ASDER Başkanı Prof. Dr. Nevzat Tarhan da “Güneydoğu’da ciddi bir beklenti oluştu. Bu beklenti 6 ay içerisinde yani seçime kadar hayal kırıklığı ile biterse Türkiye’de gecikmeden istifade etmek isteyenler var” diye konuştu. Bu nedenle en kötü anlaşmanın belirsizlikten daha iyi olduğunu dile getiren Tarhan, bu konuda hızlı karar verilmesi gerektiğini vurguladı.

2009’da Güneydoğu konusunda panel yapıp kitapçığı hazırladık. Son iki senede ASDER’deki arkadaşlarımız bölgeyi ziyaret etti, gezi ve incelemelerde bulundu, analizler yaptı. Gördük ki bölge insanı yapamıyorsak ayrılalım demiyor aksine bölge insanında bir arada yaşayalım anlayışı var.

Güneydoğudaki insanlar şu jesti bekliyor. Devlet bize değer versin. Aidiyet hissetmek istiyorlar.  Toplumsal empatiye ihtiyaç var. Bu empati içinde sembolik adımlar atılmalı. Bu adımlar atılırsa örgüt baskısı, gizli örgütlerin tahripleri bloke olacaktır.14

Dağa taşa Türklüğü yücelten sözler yazmak gerekmiyor

Aidiyet duyguların yaşatılması çok önemli.
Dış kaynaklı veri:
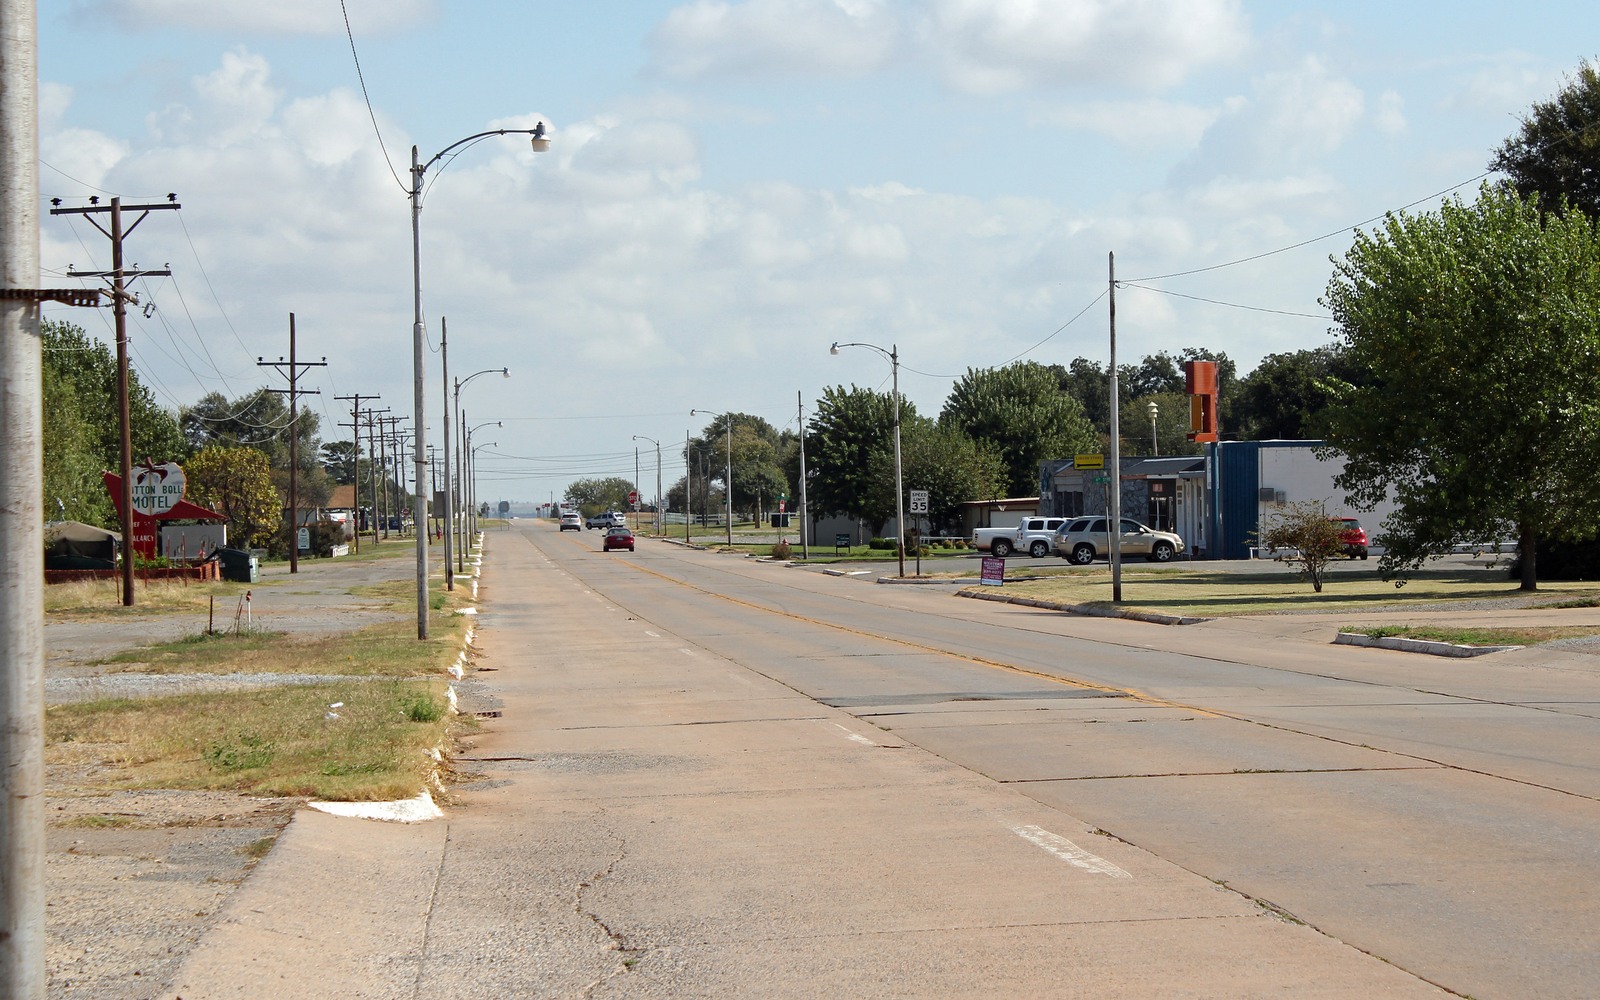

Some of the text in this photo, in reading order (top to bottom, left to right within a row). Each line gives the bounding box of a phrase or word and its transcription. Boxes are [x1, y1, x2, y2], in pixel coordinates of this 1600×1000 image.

Bunun için atılmış güzel adımlar var. Bölge insanı anadilinde konuşabilmeli. Bunun devlette karşılığının olmasını istiyorlar. Bu gerçeği kabul etmek gerekiyor.

Şovenist söylemlerden uzak durmak gerekiyor. Çünkü bu söylemler oradakileri dışlanmaya itiyor. Dağa taşa Türklüğü yücelten sözlerin yazılması doğru değil, orayı dışlamak oluyor. Kucaklayıcı olmuyor bu davranış. Bir insan kendi milleti ve varlığıyla övünmesi doğal ancak bu her yere yazılmamalı eğer yazarsan antipati toplarsın. Bu tutum ve davranışlar aidiyeti artırmaktan ziyade dışlayıcı olmaktadır.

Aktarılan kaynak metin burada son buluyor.